Sans dire que les plus de vingt ans ont uniquement baigné dans un univers où les fillettes ne souhaitaient que déambuler dans des palais dorés en chantant avec les oiseaux pour tromper l’attente du prince charmant, le fait est que les jeunes générations ne peuvent plus se contenter d’un monde aussi peu réel bercé par la voix de Phil Collins. Phénomène bénéfique vis-à-vis de la place des femmes et de l’égalitarisme, mais révélateur d’une forme d’hyper-réalisme qui, peut-être, peut s’avérer regrettable, parce que c’est sympa quand même de rêver et de chanter par cœur et à capella les chansons de dessins animés.

Ainsi Coco s’adresse à cette nouvelle génération polyglotte de naissance – certains mots prononcé en espagnol ne sont pas traduits, ce qui est pour le mieux mais imaginez si le même principe avait été adopté pour Mulan – où le rêve n’est plus un fantasme mais une réalité (exemple : The Voice Kids, Master Chef Kids, et même Les Enfoirés Kids !)

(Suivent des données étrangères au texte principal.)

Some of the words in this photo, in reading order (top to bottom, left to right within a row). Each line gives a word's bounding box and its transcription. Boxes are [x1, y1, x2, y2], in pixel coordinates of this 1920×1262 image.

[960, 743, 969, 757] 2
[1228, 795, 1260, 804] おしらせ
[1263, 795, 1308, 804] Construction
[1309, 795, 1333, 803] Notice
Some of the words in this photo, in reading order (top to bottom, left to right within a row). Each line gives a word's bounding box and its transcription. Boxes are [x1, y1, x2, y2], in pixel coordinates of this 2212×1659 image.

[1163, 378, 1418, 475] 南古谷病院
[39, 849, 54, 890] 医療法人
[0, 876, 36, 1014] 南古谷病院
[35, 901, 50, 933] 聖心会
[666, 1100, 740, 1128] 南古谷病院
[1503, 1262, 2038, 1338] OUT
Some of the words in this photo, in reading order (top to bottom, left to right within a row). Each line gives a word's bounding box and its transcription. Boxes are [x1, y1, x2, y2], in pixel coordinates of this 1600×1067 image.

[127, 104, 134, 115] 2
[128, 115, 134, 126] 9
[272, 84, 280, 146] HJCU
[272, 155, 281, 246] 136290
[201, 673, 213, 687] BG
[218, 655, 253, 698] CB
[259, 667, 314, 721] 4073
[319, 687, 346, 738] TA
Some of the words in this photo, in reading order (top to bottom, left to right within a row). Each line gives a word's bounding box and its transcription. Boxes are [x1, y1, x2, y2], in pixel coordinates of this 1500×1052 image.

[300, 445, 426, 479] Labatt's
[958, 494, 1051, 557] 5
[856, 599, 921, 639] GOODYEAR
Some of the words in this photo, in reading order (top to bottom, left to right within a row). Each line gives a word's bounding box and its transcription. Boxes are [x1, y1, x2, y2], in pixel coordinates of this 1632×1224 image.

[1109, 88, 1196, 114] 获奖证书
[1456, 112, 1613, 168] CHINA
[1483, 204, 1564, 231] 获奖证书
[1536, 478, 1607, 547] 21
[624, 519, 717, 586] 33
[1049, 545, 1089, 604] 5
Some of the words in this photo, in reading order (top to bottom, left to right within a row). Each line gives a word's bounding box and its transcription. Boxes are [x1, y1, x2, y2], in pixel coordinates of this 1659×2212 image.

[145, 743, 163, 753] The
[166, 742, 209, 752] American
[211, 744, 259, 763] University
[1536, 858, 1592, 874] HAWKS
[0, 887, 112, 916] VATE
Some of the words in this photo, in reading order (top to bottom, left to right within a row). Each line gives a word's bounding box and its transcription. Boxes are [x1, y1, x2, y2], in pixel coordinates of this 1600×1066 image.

Si l’ensemble reste plutôt agréable le film est loin d’être le meilleur de l’écurie Pixar, manquant d’un peu plus de punchlines et de personnage secondaires intéressants – le personnage secondaire de dessin animé étant la salvation des adultes – Coco est un pur film pour enfants d’aujourd’hui. Bon dans sa manière d’aborder la question de la mort en jouant avec une esthétique réjouissante, ce trop long métrage manque un peu de chansons et de piment.

En espérant que ces quelques notes explicatives sauront vous préparer à ce que vous allez voir, nous nous en allons défier des gens de trente ans dans un battle de karaoké des plus grands tubes de Disney.